━━━ Material provided ━━━

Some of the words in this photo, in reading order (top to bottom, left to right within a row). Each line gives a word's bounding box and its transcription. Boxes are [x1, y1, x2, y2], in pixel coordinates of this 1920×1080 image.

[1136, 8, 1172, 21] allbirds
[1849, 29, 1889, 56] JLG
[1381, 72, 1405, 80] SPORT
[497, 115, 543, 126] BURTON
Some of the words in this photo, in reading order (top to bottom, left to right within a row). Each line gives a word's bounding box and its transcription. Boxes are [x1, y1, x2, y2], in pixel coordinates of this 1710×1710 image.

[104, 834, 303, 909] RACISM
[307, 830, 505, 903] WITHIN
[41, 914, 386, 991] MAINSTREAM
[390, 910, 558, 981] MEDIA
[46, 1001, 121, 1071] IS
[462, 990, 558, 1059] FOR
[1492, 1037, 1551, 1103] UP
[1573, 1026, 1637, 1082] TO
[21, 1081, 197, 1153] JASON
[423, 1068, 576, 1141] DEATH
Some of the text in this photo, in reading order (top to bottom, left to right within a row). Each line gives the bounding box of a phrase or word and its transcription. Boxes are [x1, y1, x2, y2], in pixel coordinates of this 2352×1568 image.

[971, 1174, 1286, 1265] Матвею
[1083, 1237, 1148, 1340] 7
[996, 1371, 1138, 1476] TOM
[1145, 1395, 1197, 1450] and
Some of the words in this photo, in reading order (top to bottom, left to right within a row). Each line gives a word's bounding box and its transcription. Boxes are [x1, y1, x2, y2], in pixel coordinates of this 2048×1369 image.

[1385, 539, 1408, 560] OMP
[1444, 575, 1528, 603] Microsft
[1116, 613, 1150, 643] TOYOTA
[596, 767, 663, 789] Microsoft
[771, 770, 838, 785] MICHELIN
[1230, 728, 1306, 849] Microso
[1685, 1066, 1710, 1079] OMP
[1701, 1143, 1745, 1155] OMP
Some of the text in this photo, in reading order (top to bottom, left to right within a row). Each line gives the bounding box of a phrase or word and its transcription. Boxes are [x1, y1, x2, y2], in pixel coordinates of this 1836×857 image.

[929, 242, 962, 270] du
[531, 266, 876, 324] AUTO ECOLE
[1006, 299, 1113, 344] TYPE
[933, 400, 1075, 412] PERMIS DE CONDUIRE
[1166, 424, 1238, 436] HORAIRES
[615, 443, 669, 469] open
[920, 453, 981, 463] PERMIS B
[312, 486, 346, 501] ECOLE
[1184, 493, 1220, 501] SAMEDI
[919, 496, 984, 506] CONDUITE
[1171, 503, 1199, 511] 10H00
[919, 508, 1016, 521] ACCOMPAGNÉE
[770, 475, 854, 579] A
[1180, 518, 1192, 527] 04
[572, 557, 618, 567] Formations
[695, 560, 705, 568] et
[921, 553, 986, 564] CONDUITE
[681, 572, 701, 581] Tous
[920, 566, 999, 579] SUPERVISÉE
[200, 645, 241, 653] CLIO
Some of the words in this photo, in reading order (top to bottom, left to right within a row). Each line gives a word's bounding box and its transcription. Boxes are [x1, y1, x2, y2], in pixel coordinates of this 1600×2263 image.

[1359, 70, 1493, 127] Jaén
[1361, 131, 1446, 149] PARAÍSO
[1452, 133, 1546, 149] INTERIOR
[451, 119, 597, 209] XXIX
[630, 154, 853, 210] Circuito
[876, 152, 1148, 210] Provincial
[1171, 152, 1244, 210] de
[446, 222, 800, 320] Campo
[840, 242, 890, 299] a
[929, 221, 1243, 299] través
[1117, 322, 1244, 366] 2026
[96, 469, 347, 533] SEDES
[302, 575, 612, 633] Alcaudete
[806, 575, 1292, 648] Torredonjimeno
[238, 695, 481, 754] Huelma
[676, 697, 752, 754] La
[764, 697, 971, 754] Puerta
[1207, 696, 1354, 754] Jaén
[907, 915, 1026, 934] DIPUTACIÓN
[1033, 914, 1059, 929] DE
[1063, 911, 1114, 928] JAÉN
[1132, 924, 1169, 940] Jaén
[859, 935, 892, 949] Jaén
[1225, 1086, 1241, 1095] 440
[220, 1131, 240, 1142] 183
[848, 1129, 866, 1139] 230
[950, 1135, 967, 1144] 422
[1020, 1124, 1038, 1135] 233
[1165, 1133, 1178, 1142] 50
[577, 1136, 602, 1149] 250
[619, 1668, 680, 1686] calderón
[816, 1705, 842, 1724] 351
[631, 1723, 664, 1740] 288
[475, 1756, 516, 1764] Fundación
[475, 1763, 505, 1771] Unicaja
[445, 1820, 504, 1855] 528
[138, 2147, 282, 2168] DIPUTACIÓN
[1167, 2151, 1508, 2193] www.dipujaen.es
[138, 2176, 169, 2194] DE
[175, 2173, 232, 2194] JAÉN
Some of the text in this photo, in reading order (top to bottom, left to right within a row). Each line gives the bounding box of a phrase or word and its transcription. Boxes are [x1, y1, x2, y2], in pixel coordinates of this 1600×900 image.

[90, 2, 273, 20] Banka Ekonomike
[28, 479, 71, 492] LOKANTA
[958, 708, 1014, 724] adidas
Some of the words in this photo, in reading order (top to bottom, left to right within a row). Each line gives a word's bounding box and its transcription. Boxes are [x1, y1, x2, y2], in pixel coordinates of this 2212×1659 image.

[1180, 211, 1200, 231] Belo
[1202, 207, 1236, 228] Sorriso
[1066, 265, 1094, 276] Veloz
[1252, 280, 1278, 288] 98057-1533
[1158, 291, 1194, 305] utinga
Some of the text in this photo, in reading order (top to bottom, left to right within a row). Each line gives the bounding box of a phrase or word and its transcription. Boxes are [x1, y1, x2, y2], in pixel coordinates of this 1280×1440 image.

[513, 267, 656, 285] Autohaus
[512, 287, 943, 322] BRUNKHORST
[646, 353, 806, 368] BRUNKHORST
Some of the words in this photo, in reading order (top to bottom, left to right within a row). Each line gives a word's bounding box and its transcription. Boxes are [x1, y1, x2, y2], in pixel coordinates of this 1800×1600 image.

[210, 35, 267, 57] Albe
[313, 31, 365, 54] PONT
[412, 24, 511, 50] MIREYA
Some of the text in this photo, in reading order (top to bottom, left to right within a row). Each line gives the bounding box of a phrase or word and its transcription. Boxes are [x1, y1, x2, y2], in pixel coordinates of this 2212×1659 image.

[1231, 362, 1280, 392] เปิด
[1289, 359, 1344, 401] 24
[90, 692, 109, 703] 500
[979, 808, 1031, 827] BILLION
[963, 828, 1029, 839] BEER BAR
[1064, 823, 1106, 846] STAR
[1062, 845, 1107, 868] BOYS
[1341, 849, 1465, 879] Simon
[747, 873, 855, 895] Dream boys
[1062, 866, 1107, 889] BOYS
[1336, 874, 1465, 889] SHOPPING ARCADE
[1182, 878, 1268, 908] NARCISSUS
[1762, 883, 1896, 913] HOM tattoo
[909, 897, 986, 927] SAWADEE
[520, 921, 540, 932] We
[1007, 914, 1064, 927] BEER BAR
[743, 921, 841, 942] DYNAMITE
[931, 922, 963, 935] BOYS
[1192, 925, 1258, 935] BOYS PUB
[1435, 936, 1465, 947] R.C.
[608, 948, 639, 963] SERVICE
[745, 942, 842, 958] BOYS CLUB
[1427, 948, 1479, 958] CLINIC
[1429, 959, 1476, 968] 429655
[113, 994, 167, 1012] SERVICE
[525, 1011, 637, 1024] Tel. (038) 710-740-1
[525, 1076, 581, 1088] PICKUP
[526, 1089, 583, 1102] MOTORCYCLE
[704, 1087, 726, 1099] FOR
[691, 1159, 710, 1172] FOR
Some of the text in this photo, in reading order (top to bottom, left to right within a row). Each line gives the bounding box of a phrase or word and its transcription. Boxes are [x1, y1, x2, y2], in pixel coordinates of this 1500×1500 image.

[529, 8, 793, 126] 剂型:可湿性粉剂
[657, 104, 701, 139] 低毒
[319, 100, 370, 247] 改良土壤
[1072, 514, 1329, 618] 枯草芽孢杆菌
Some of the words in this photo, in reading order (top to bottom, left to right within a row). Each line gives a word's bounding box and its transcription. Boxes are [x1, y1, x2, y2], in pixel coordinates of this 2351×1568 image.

━━━

● What you should do
The line containing "this 1500×1500 image." opens the range, and the last line of the entries closes it; copy that range exactly.

● Solution for this exercise
Some of the text in this photo, in reading order (top to bottom, left to right within a row). Each line gives the bounding box of a phrase or word and its transcription. Boxes are [x1, y1, x2, y2], in pixel coordinates of this 1500×1500 image.

[529, 8, 793, 126] 剂型:可湿性粉剂
[657, 104, 701, 139] 低毒
[319, 100, 370, 247] 改良土壤
[1072, 514, 1329, 618] 枯草芽孢杆菌
Some of the words in this photo, in reading order (top to bottom, left to right within a row). Each line gives a word's bounding box and its transcription. Boxes are [x1, y1, x2, y2], in pixel coordinates of this 2351×1568 image.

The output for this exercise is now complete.